Prochain rendez-vous au Space de Rennes
Mais ce système exigeant n’a pas entaché l’enthousiasme d’Étienne pour l’élevage. Déjà juge à Paris en 2020 ainsi que sur le National holstein, « il ne me manquait plus que le Space à juger », plaisante l’éleveur, très heureux d’avoir été sélectionné pour l’évènement. « Pour moi, ce sont les trois grands concours français ».

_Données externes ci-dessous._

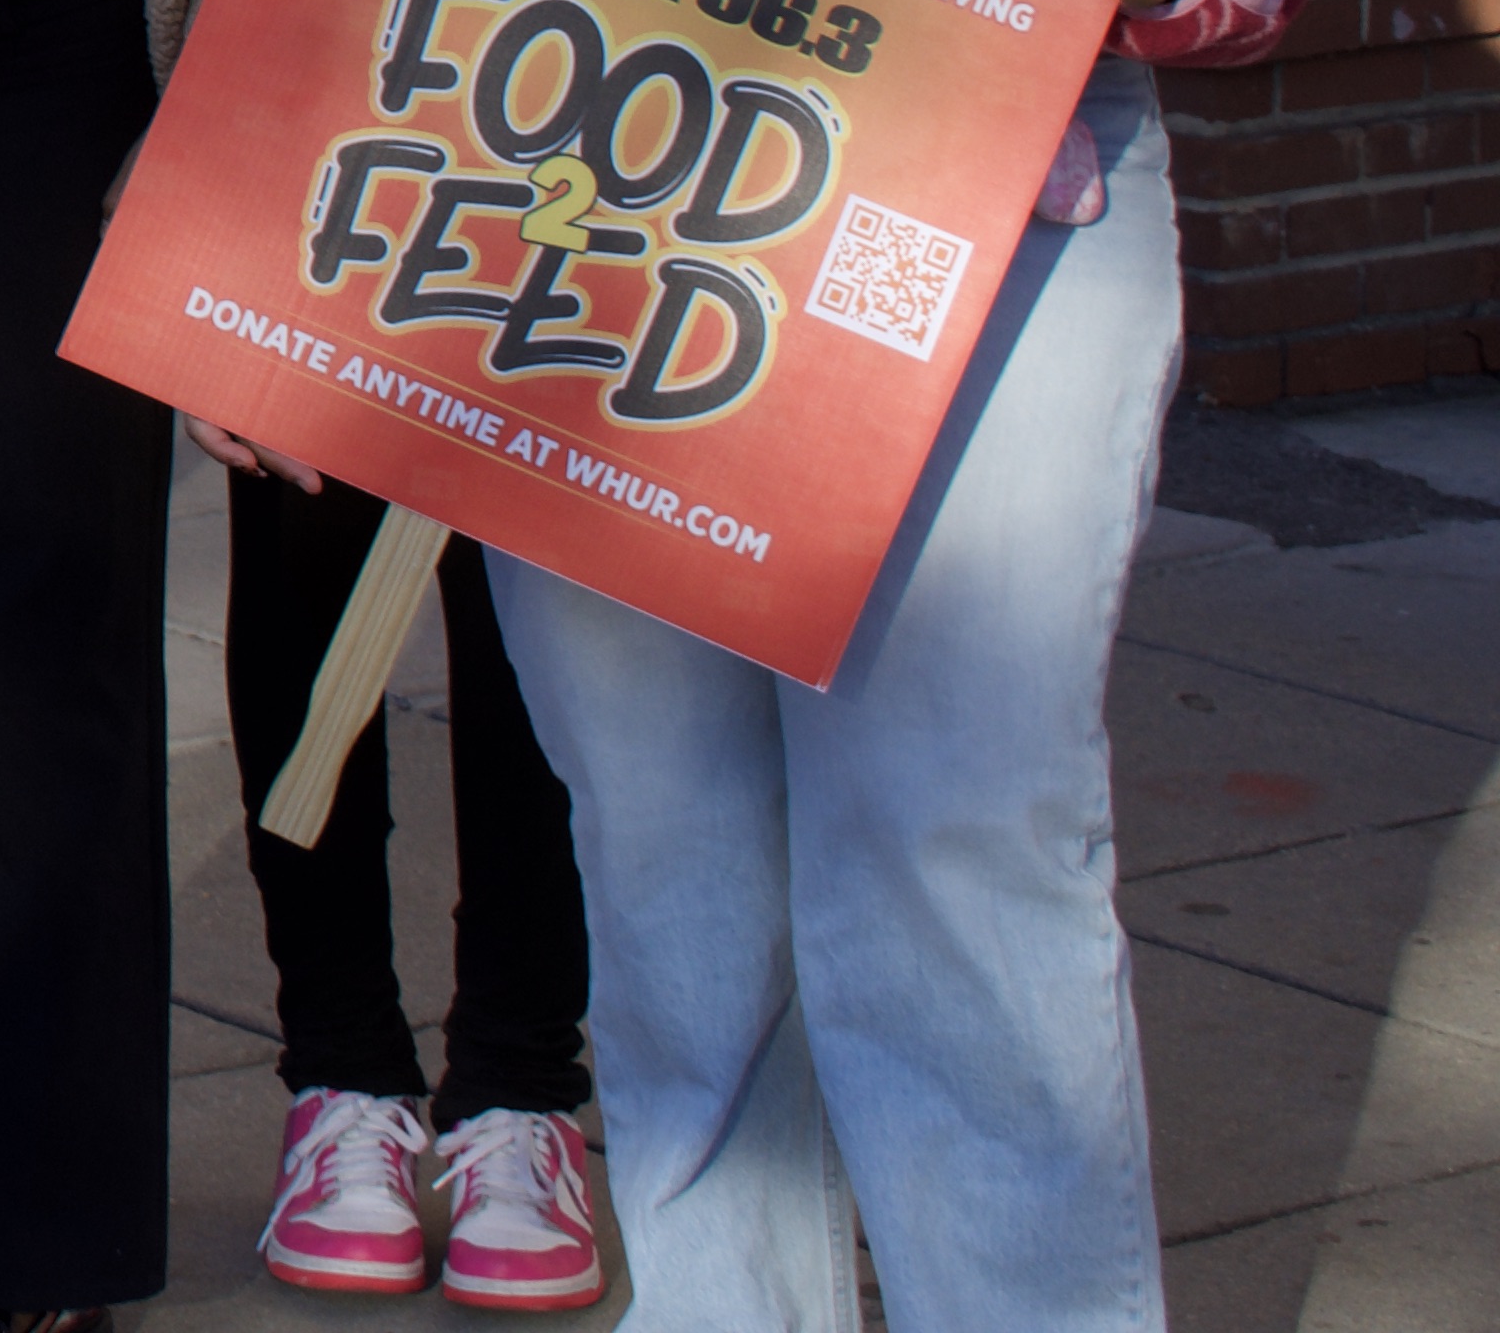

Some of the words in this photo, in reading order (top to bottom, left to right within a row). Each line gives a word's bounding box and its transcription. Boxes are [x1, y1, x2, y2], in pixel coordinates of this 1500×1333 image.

Difficile pour l’instant de savoir qui trouvera grâce à ses yeux. « J’aime les vaches qui peuvent aller partout. Juger une race, c’est prendre en compte tous les systèmes de production ». Mais au-delà du pragmatique, l’amateur de génétique en demande un petit peu plus aux compétitrices. « Un concours, c’est un spectacle, et il faut que la gagnante donne à voir. Il y en a qui vont voir David Guetta en concert, moi je vais voir des concours de vaches », s’amuse l’agriculteur. « Pour moi, on est sur le même niveau. »
Il recherche donc ce qui fera la différence. Un arrière-pis un peu plus large, une belle harmonie au global, un équilibre… Autant de détails qui transforment une vache laitière en animal de concours.